価格は、国の意思を映す鏡である―「5キロ2000円米」が照らす農政の転機と農業経営の未来

2025年春、全国のスーパーに「5キロ2000円」の政府備蓄米が並び、開店前から行列ができる光景が各地で見られました。コメ価格が急騰する中、小泉進次郎農林水産大臣が随意契約方式を採用し、政府備蓄米を小売価格で市場に供給するという異例の対応を取った結果です。

これは多くの消費者にとって救済的な施策でありましたが、同時に、ひとつの本質的な問いを突きつけます。――「なぜ、これまでこのようなことができなかったのか?」

この問いに正面から向き合うことで、日本の農政が抱える構造的問題、そして今後の農業経営の在り方が見えてきます。


なぜ「今までできなかった」のか?農政に潜む構造的課題

政府は長年、備蓄米制度を通じてコメの需給調整と価格安定を図ってきました。平時には買い入れ、余剰があれば放出する。この「ストック型政策」は一見合理的に見えますが、その運用には多くの利害関係者が関与しており、結果として“機能していない制度”と化していた側面があります。

たとえば、これまでの備蓄米の放出はオークション方式に限られ、精米業者や流通業者が高値で買い取ることで価格が維持されてきました。その背後には、「米価の安定=生産者保護」という旧来のロジックが色濃く残っており、消費者視点に立った制度設計には至っていませんでした。

また、放出後には政府が再び同価格で買い戻すという“価格下支え”の仕組みも存在し、価格高騰に拍車をかける結果となっていました。まさに“操作された価格”が農政の標準だったのです。


小泉農相の一手が意味するもの

今回の随意契約による備蓄米放出は、こうした構造に一石を投じたと言えます。通常なら複雑な官僚手続きや業界団体の抵抗で実現困難とされてきた直接小売価格での備蓄米供給が、政治判断によって実行されたという事実は、非常に大きな意味を持ちます。

小泉農相はこの措置について、「国民の台所を守るのが農政の責任だ」と明言しています。この発言の背後には、「価格維持を目的とした保護」ではなく、「価格安定を通じた生活支援と農業の持続可能性」という視座の転換があります。

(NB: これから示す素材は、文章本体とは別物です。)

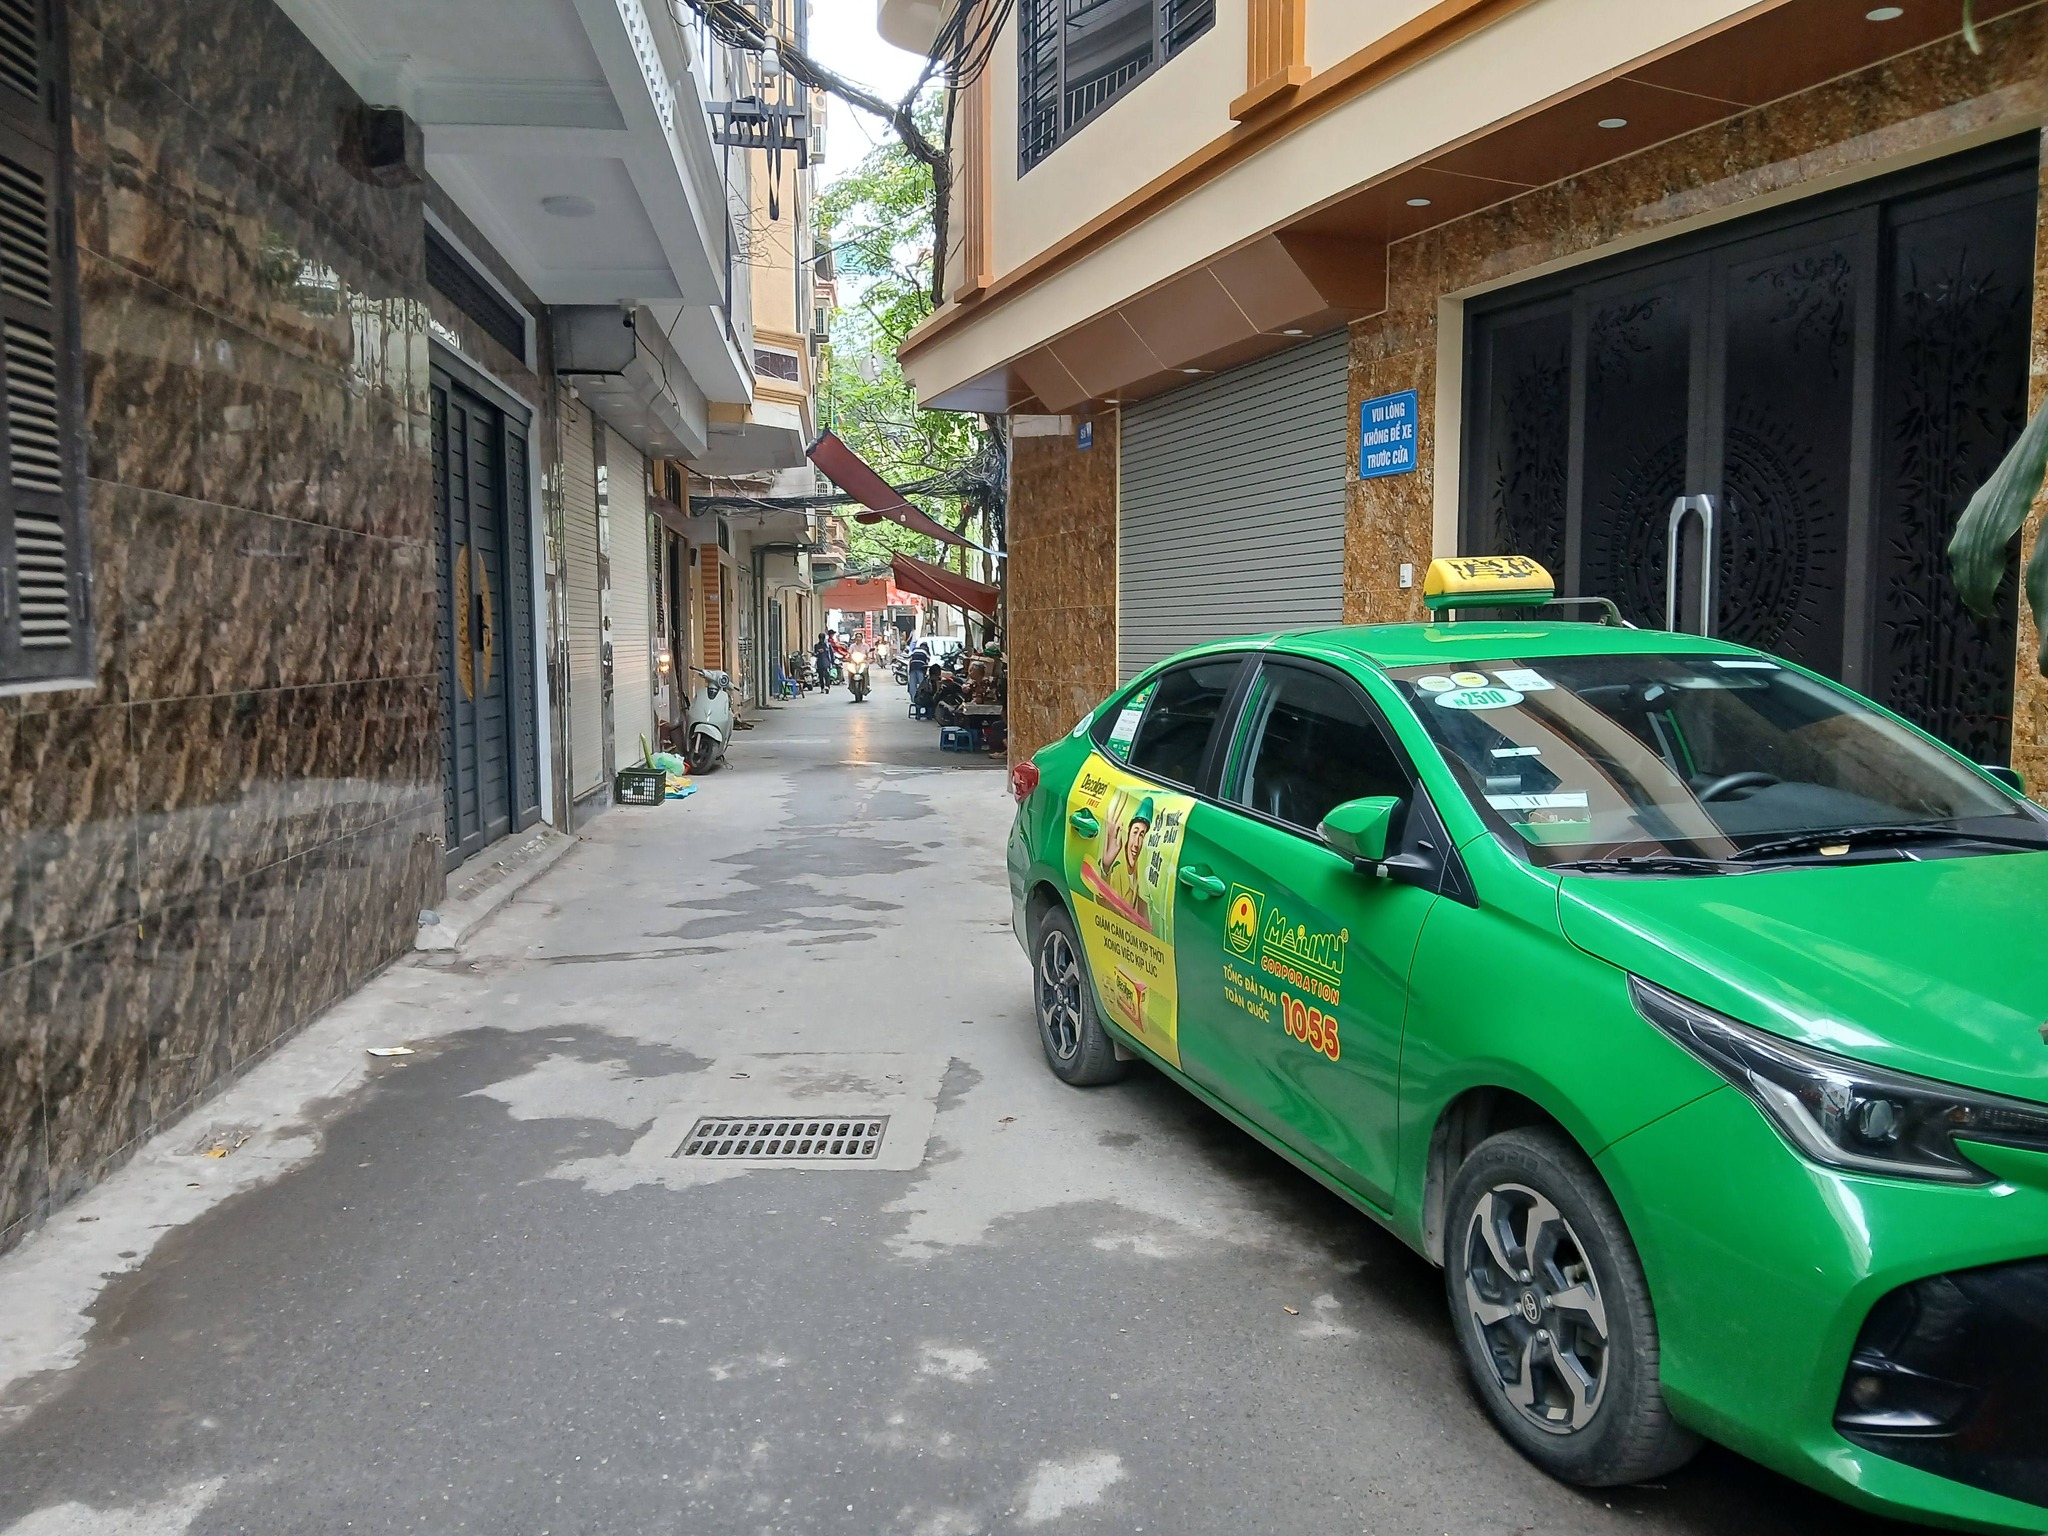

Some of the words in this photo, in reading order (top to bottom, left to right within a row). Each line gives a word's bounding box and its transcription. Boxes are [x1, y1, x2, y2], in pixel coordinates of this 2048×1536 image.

官僚主導から政治主導へ、そして「農業保護」から「農業経営」への価値転換が、今回の出来事には色濃く表れているのです。


二度と米騒動を起こさないために:政策と経営の“構造改革”

では、今後このような米騒動が再発しないために、農業政策と農業経営はどうあるべきなのでしょうか。私は以下の3つの視点が不可欠だと考えています。

① 価格を“操作する”のではなく、“読める”市場を作る

まず必要なのは、価格の透明化と市場情報の即時共有です。今、日本の農業には「価格を読めない」構造が根強く残っています。農家は自らの収入を市場の価格ではなく、制度に依存して計算しがちです。

農林水産省や全農などが持つ需給予測・在庫データをオープンにし、気象や流通状況と連動させた“動的価格予測モデル”を構築することで、農家自身が「来期、どれだけ作ればいいか」を判断できる環境を整備すべきです。

② 農業経営に“事業者視点”を導入する

次に問われるのは、農業経営者自身の意識改革です。「農家」ではなく「経営者」としての発想を持つことが不可欠です。価格に依存しない経営、多様な販路開拓、加工・直販・ブランド化など、収益源を複線化する発想が求められます。

特に中小農業経営者にとっては、農協一本依存ではなく、農業版の“ローカルD2C(Direct to Consumer)”モデルの展開がカギを握ります。行政や金融機関は、このような挑戦を支えるファイナンス支援・事業再構築補助金制度の柔軟な運用が求められます。

③ 食料安全保障を「リアルな課題」として位置づける

最後に強調すべきは、食料政策の安全保障的観点です。今回の米価格高騰の背景には、2023年〜2024年にかけた天候不順や肥料価格の高騰など、グローバルな供給不安が影を落としています。

農地の維持、若手就農者の確保、スマート農業の推進など、単なる補助金政策ではなく、“持続可能な供給能力”を支える中長期戦略が必要です。食料自給率の数値目標も、単なるスローガンではなく、実効性のある数値として再定義されるべきです。


結語:米価は“社会のコンパス”である

米価が不自然に高騰すれば、家計に直接的な影響を与えます。米は日本人の食の基盤であり、その価格が社会に与える影響は、他の食料と比較しても決して小さくありません。

今回の「5キロ2000円米」は、農政の硬直性を打破し、国民本位の食料政策への可能性を示しました。これは一過性の対処で終わらせてはならない歴史的な転機です。

農政の「本質」は、単に農業者を支援することではありません。国民が安心して食べられる仕組みを整え、農業を持続可能な産業に変えていくこと。それが、令和の農政に求められる使命ではないでしょうか。